No one who works in experiential marketing is going to tell you they had a great 2020, there’s no hiding from the fact it was the most difficult and challenging year we’ve ever faced and to still be standing at the end of it was a massive achievement.
As we sit here a few months into 2021 with the end of the covid induced restrictions in sight we can now reflect on the previous year and think about what’s changed forever. As an industry we have learned so much about adapting to the challenges that were presented and I believe we’re much stronger, and we’ve even got a whole new potential audience to engage with our campaigns. With the absence of experiences taking place in the real world our adoption of technology was accelerated, the options we had weren’t new, we were using them already but were finding our feet, now we didn’t have that option, it was time to embrace or go extinct.

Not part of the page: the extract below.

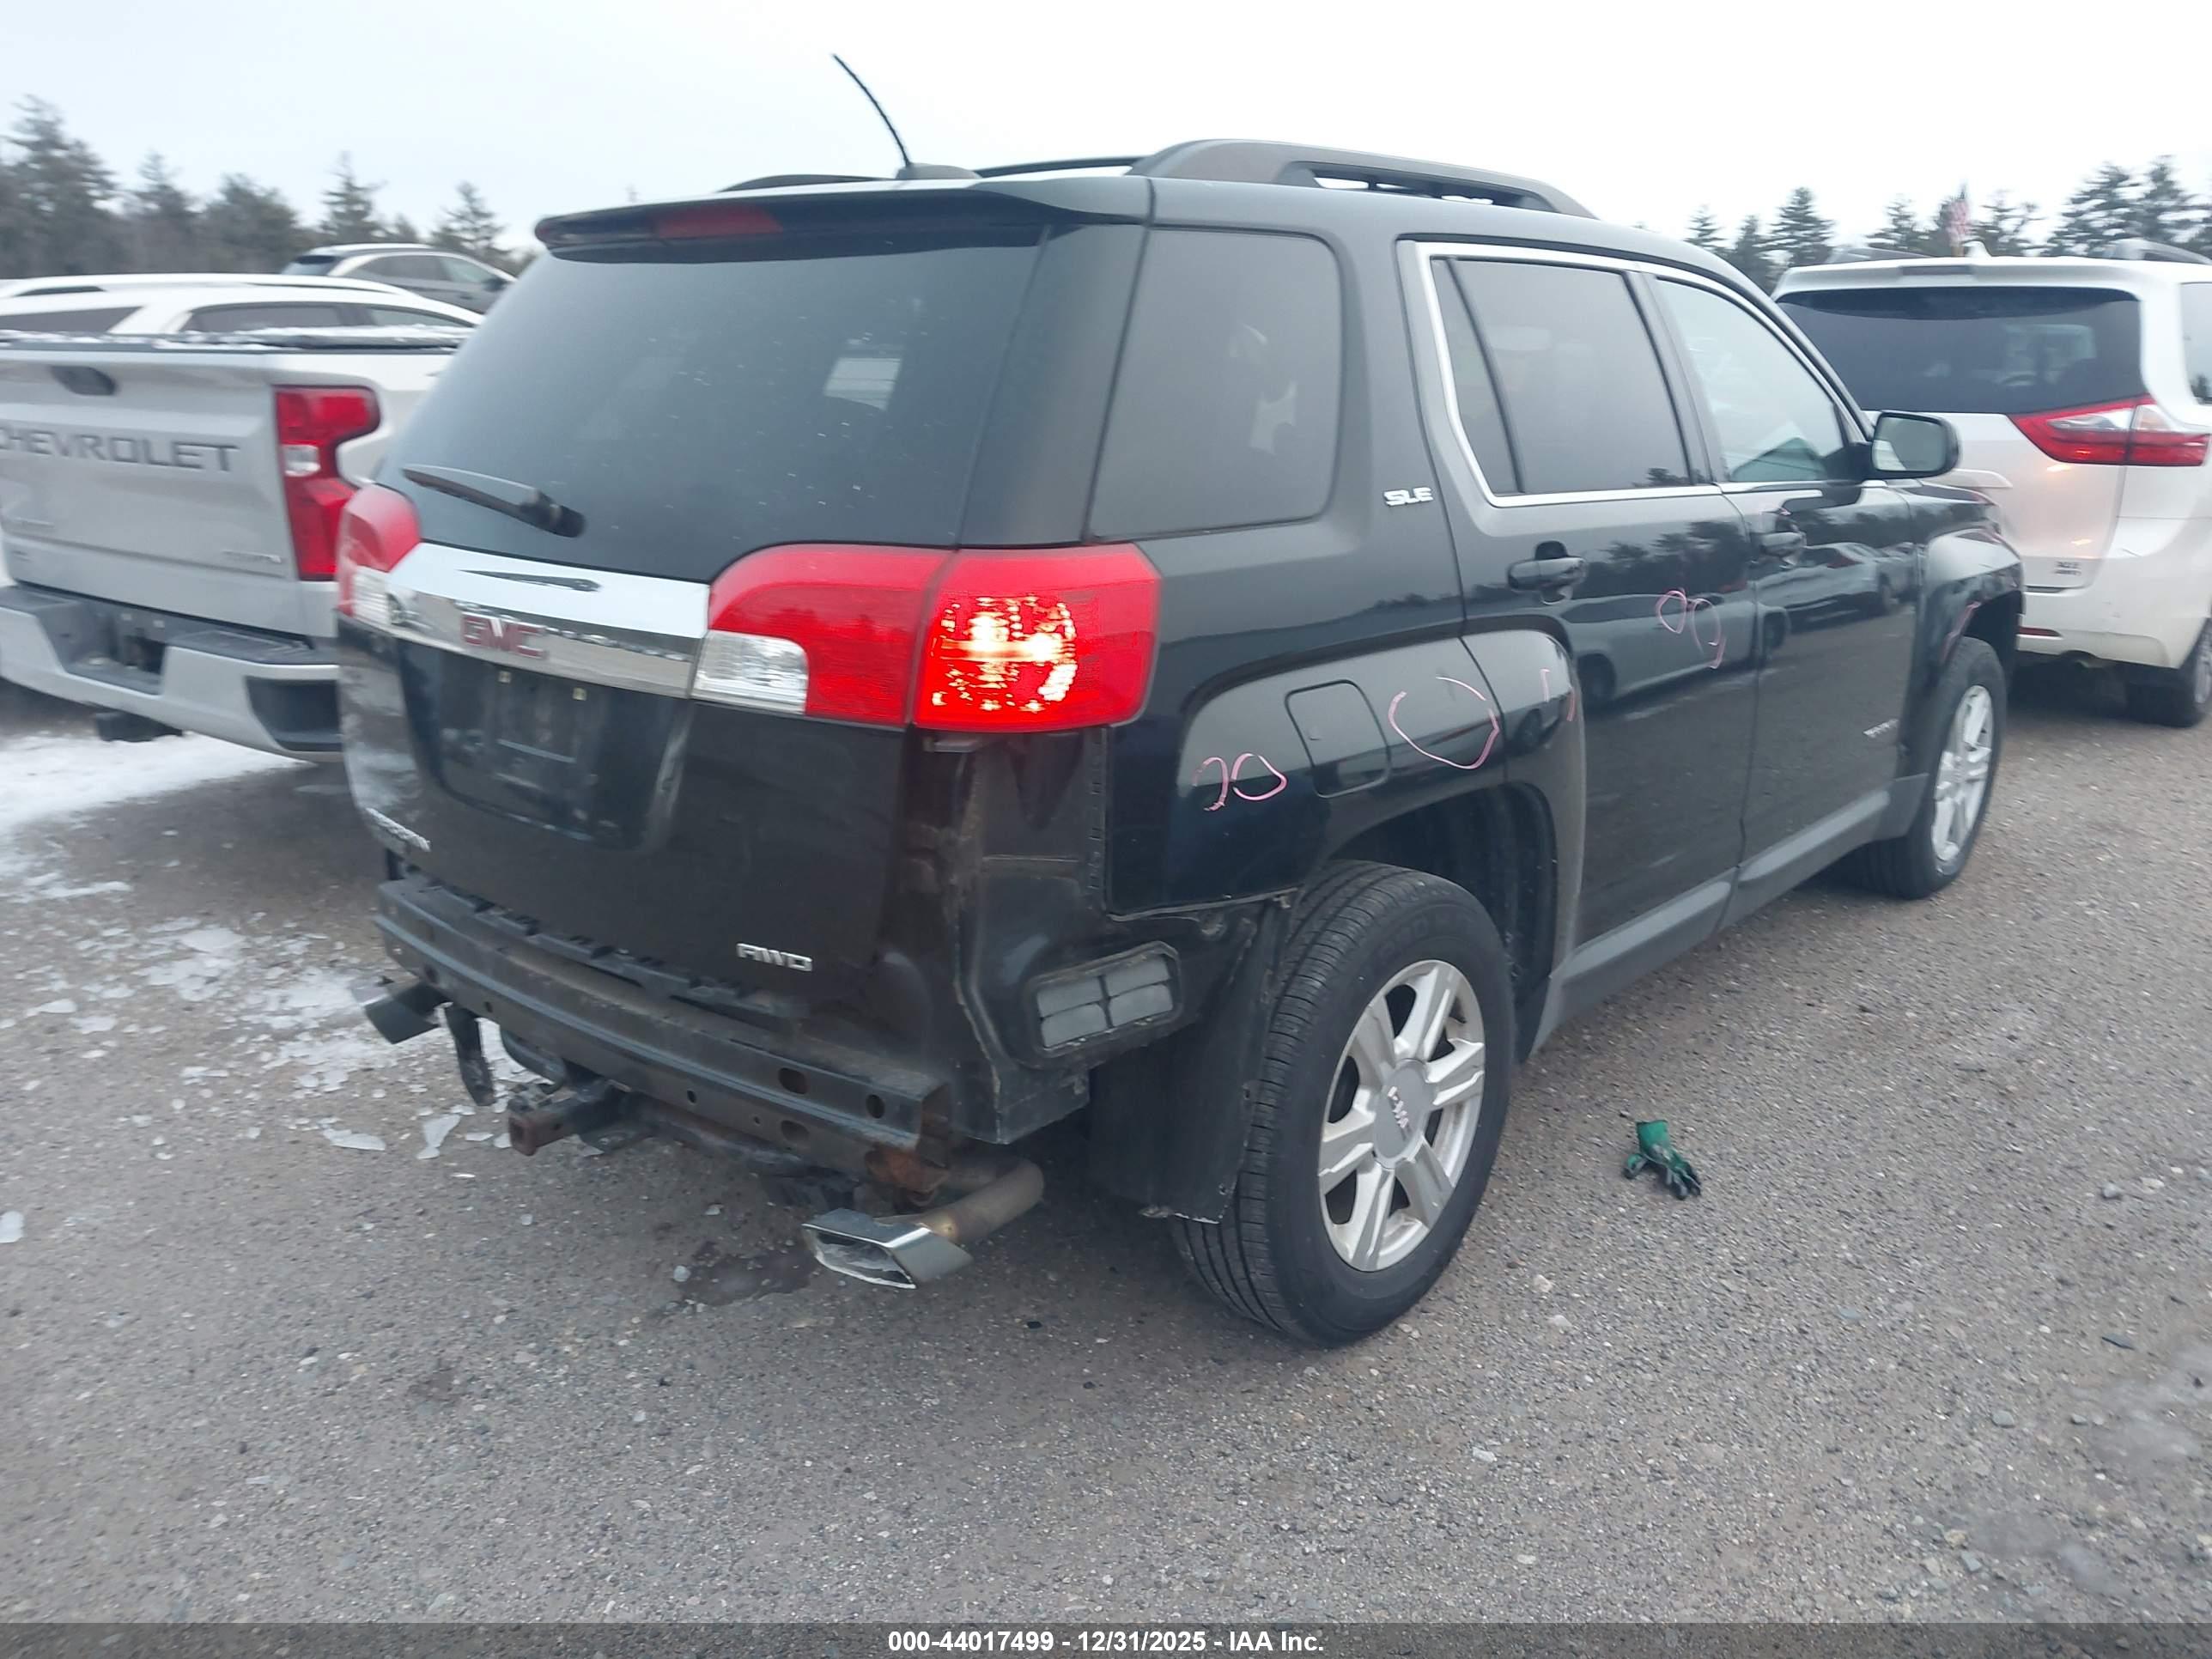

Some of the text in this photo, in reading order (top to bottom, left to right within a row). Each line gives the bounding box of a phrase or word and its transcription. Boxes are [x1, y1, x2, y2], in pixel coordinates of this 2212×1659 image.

[1383, 487, 1434, 506] SLE
[460, 611, 548, 660] GMC
[736, 943, 813, 972] AWD

Here at The Park we’ve always put a massive emphasis on the secondary audience, we know that to drive tangible business and brand outcomes for our clients we need reach, we’ve always planned our campaigns with the secondary audience firmly in our thoughts from the ideation stage but previously this was mainly thinking about the PR, social and content strategy, now we have the ‘through screen’ audience too.

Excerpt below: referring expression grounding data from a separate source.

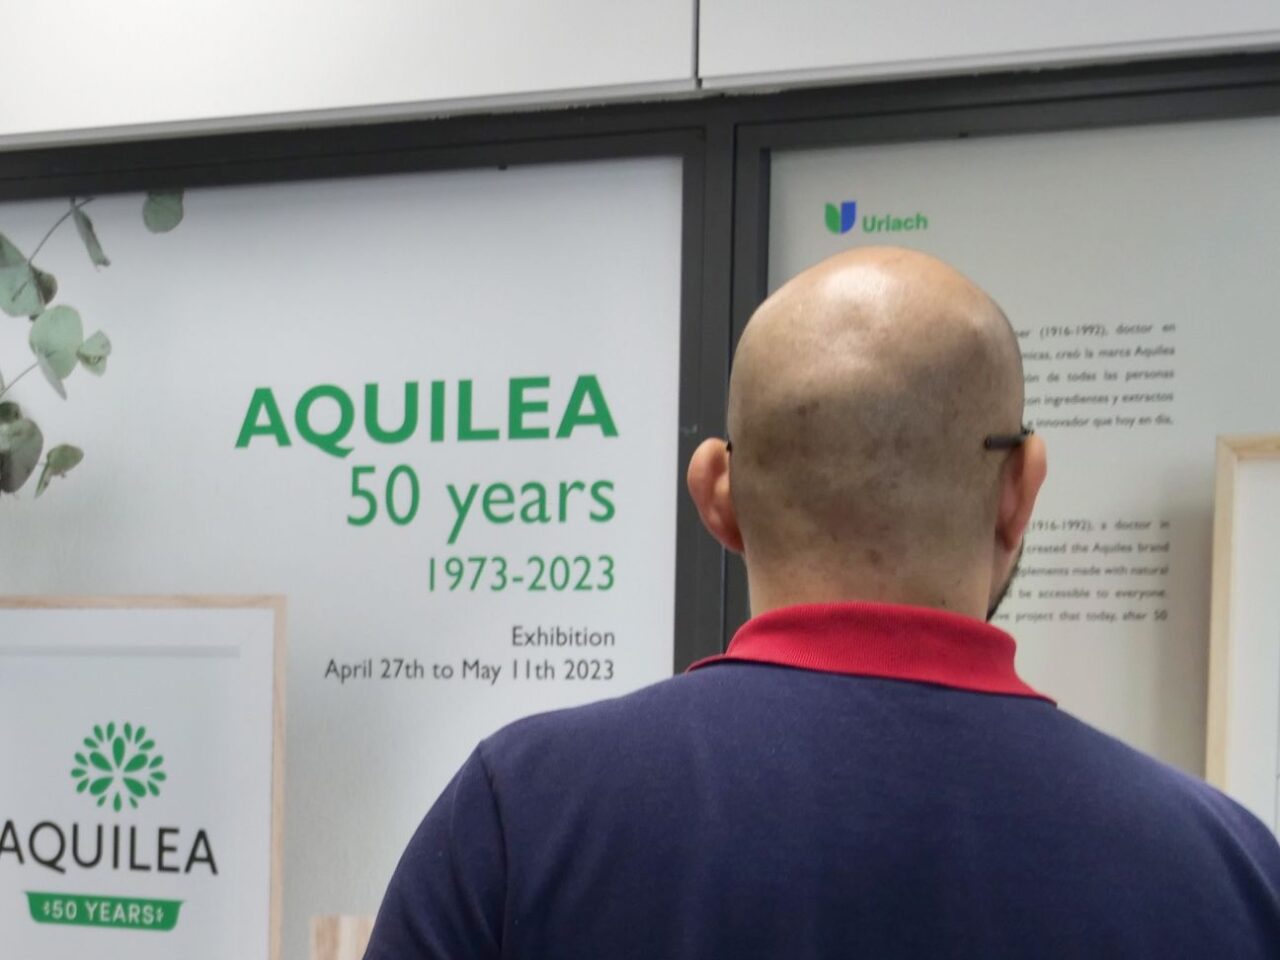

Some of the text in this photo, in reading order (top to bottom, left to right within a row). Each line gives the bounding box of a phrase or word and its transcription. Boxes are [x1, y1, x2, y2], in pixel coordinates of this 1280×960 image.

[862, 213, 929, 233] Uriach
[1115, 323, 1153, 335] doctor
[1162, 323, 1176, 334] en
[1084, 347, 1095, 359] la
[1099, 348, 1131, 358] marca
[1134, 345, 1176, 358] Aquilea
[1046, 370, 1060, 382] de
[1066, 370, 1097, 382] todas
[1103, 369, 1118, 381] las
[1125, 369, 1175, 382] personas
[1043, 394, 1109, 408] ingredientes
[1121, 392, 1174, 403] extractos
[234, 374, 619, 458] AQUILEA
[1036, 416, 1089, 428] innovador
[1092, 417, 1113, 429] que
[1115, 414, 1136, 429] hoy
[1138, 416, 1153, 426] en
[347, 464, 616, 545] 50 years
[1113, 518, 1152, 531] doctor
[1026, 541, 1170, 556] created the Aquilea brand
[428, 555, 615, 592] 1973-2023
[1072, 564, 1101, 575] made
[1104, 564, 1127, 575] with
[1130, 563, 1170, 575] natural
[1018, 588, 1032, 598] be
[1038, 587, 1090, 598] accessible
[1096, 589, 1109, 598] to
[1015, 611, 1054, 623] project
[1060, 609, 1080, 620] that
[1122, 608, 1147, 621] after
[1154, 607, 1168, 621] 50
[511, 626, 615, 647] Exhibition
[324, 657, 615, 685] April 27th to May 11th 2023
[52, 899, 155, 925] 50 YEARS

Thanks to lockdown people are now used to getting their entertainment and socialising pretty much entirely through their TVs, phones and laptops and this is here to stay. While we can’t wait for a return to sweaty gigs, bustling pubs and packed sports stadiums people now have more options, although it’s not quite like being there the ease of ‘attending’ events from the comfort of home is appealing for a number of reasons. Not everyone feels the need to be present.
In terms of what that means for our industry it’s opened up a new audience as we start planning physical experiences once more, those people that are interested in what we’re creating, but not so passionate that they must attend in person. As mentioned earlier technology allows us to reach these people in a variety of ways but we still need to think carefully about the experience we’re devising. It’s not enough just to put up a link to a livestream to the real-world event, we’re still competing fiercely for people’s time and attention therefore creativity is crucial, we need to offer them something that’s as brilliant and memorable as attending.

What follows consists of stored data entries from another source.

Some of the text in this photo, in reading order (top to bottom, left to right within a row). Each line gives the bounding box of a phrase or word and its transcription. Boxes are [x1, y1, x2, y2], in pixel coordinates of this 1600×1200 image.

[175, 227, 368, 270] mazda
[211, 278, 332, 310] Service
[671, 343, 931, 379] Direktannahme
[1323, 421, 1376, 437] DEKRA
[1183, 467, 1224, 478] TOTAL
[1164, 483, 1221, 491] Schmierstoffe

In terms of things to consider in order to drive success:
1. Bringing a physical element to the digital experience. Is it possible to enhance the digital experience by incorporating something physical? Things to consider are bespoke catering, materials or merchandise that will enhance their environment or even surprising people with a doorstep visit from someone from the physical experience.
2. Ease of use. Hardly anyone has a VR headset and no one wants to have to download a huge piece of complicated software for a one-off experience. Keep it simple. Plan the online experience as you would a real world one. You wouldn’t book a venue without enough toilets so don’t use an online platform that can’t handle the necessary traffic.
3. Incorporate a social element. We’re social creatures, if we’re doing something amazing with other people we want to be able to communicate with each other, even though the through screen audience may be in thousands of different locations think about how you can bring them together to share the experience.
4. Be creative. As mentioned we’re still competing for people’s precious time and need to give them a mind-blowing experience, push boundaries, do something unique and memorable that they will talk about. Don’t just livestream a real world event, that’ll just piss people off.
5. Plan the journey. Just as we carefully plan real world experiences think about the digital journey that people will undertake. What are the touchpoints we can accentuate and how do we make it seamless and fluid.
When we get it right we’ll have something pretty powerful to offer our clients, unique experiences that drive deep engagement with the attendees, create fame through earned media and now potentially experienced by a mass audience through their screens. We often talk about those that go and those that know, we now have a new audience, those we show.